Ok Rob, I am sure you are right, however I left for Hawaii in 1972 and did not return to NY until 1982. I could have sworn I saw xenon projection at RCMH prior to 1972, I remember thinking the light was dull by comparison to the carbon arc, although the focus had improved. This is an eye opener for me and it has left me a bit confused. Oh, and thanks Vincent for bringing this whole thing up, just another reminder of my old mind turning to mush, lol.

RobertEndres
RobertEndres on September 26, 2005 at 11:04 am

“Airport” was the first film shown in 70mm at Radio City. My predecessor, Ben Olevsky, was against installing 70mm (perhaps because he knew it would disrupt a smooth running booth). MGM had wanted to do “Unsinkable Molly Brown” there in 70, but Ben was able to veto the idea. (A shame, since I saw it in Chicago in 70mm and it was a good transfer with a great sound mix.) Ross Hunter insisted that “Airport” be shown in 70, and since Universal was four-walling the Hall, Ben had no choice. The three projectors were commandered from the Paramount complex in the Gulf and Western Building at Columbus Circle, since there were three going into the theatre and four more into the two screening rooms upstairs, which weren’t ready to open. There are many stories to be told about that installation. The machines for a variety of reasons didn’t work well, and when I started there, we took them out to National Theatre Supply (Simplex) in Paramus and had them rebuilt.

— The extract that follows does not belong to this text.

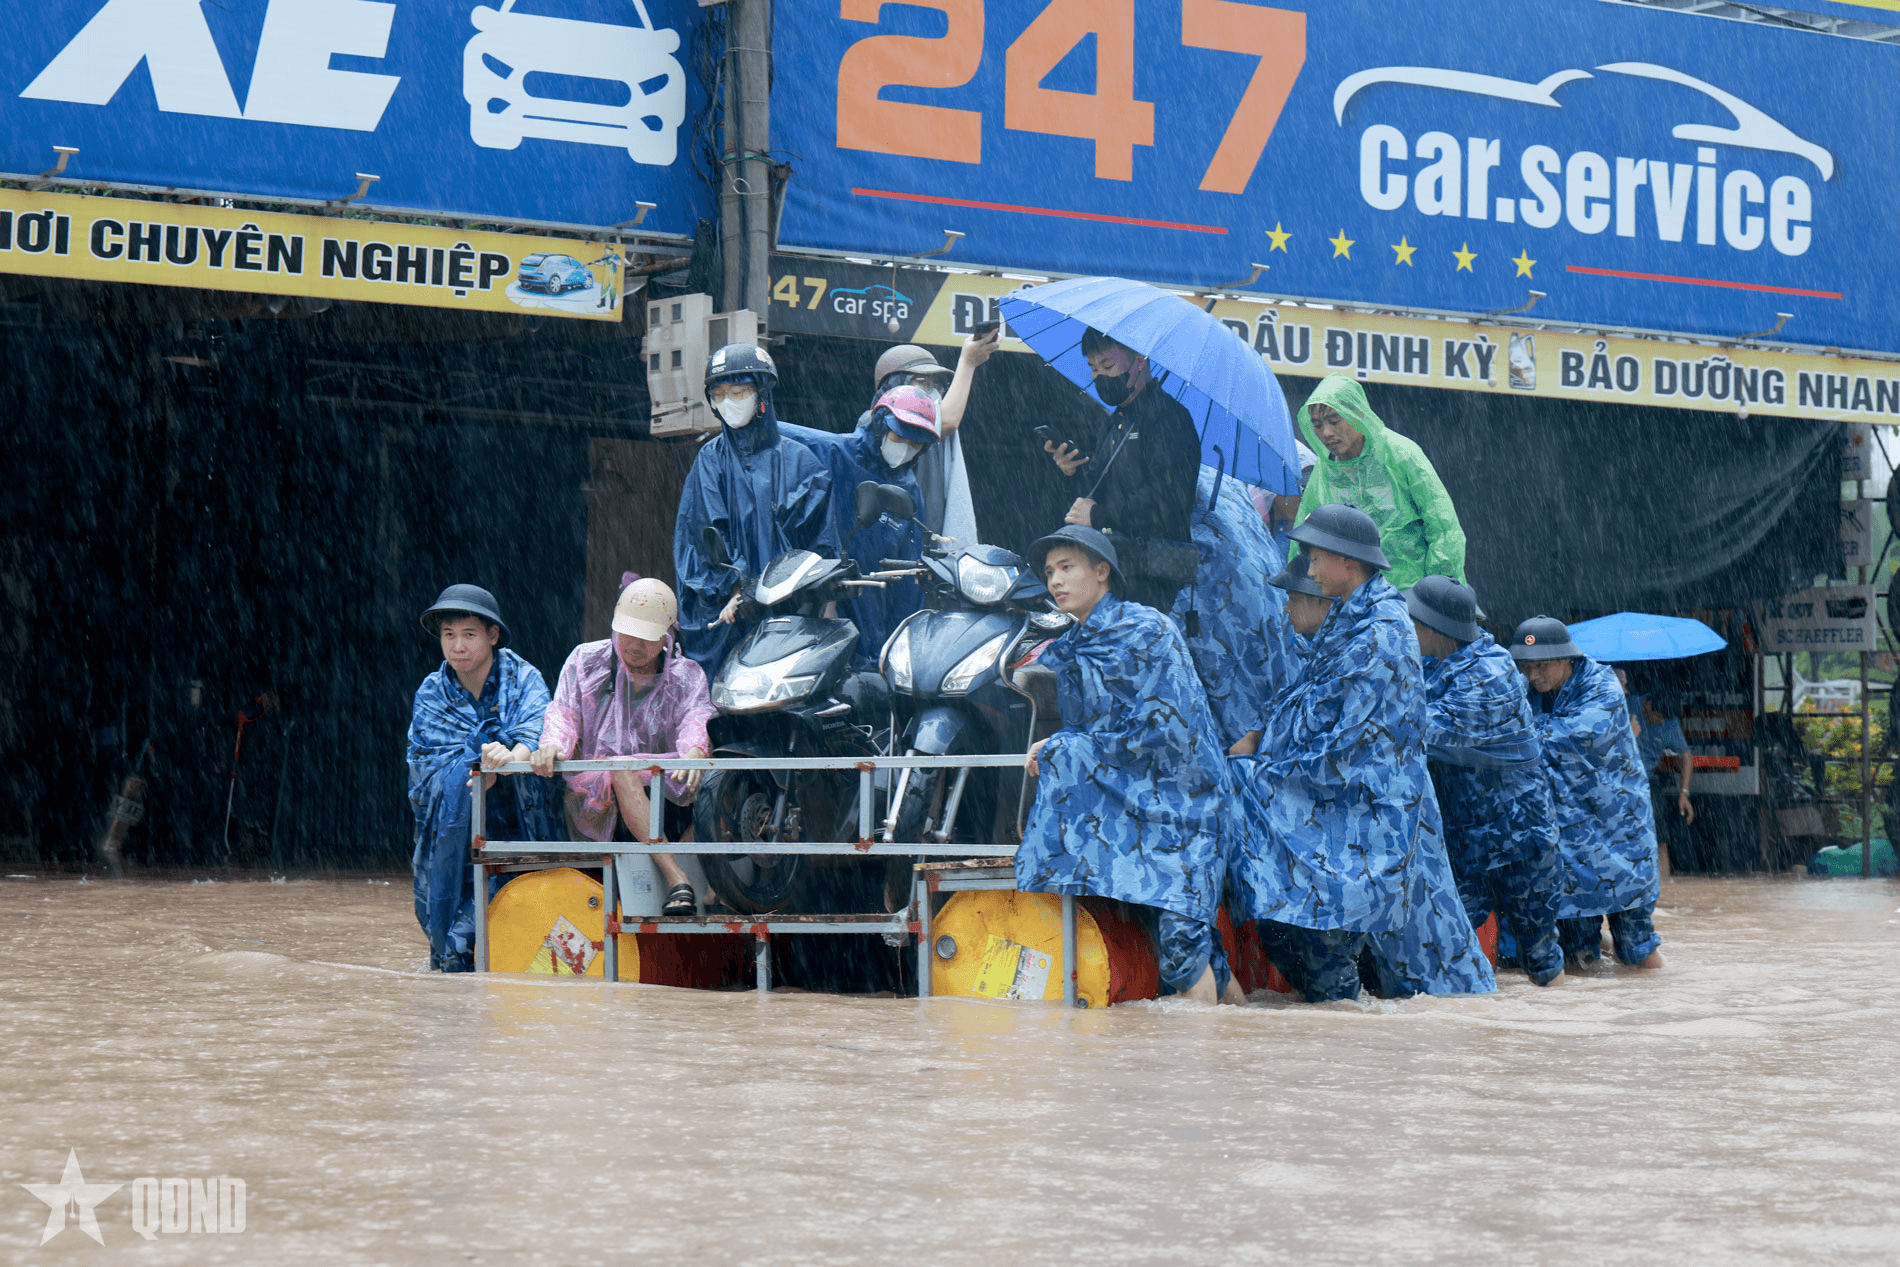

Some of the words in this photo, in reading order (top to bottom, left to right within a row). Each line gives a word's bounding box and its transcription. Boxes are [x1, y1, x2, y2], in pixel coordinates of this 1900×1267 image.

I might quibble with Vito about the xenon installation. We couldn’t get condensers for the Hall & Connely carbon arc lamps. We even tried to get the used Ashcrafts from the Astor Theatre, and couldn’t do that. In 1974 we started experimenting with xenon, and at one point had a different lamp on each projector. We finally settled on ORC lamps, with vertical lamps for the 35/70 machines and horizontal lamps for the 1 and 5 machine, which had to remain on Simplex bases so they could be readily moved for use in film effect projection in the stage shows. We did get more light out of the xenons than we were getting out of the HyCans (in all fairness, that was in part due to the burned lenses in the lamps.) Focus did improve with the xenons although we had to change to slower Scope back-up lenses to compensate for the higher lamp speed. Scope focus was dramatically improved over the HyCans with the 4" Bausch and Lomb lenses that were being used.

By the way, we did run “Becky Sharp” in the first Art Deco Film Festival in 1974 and it was indeed beautiful.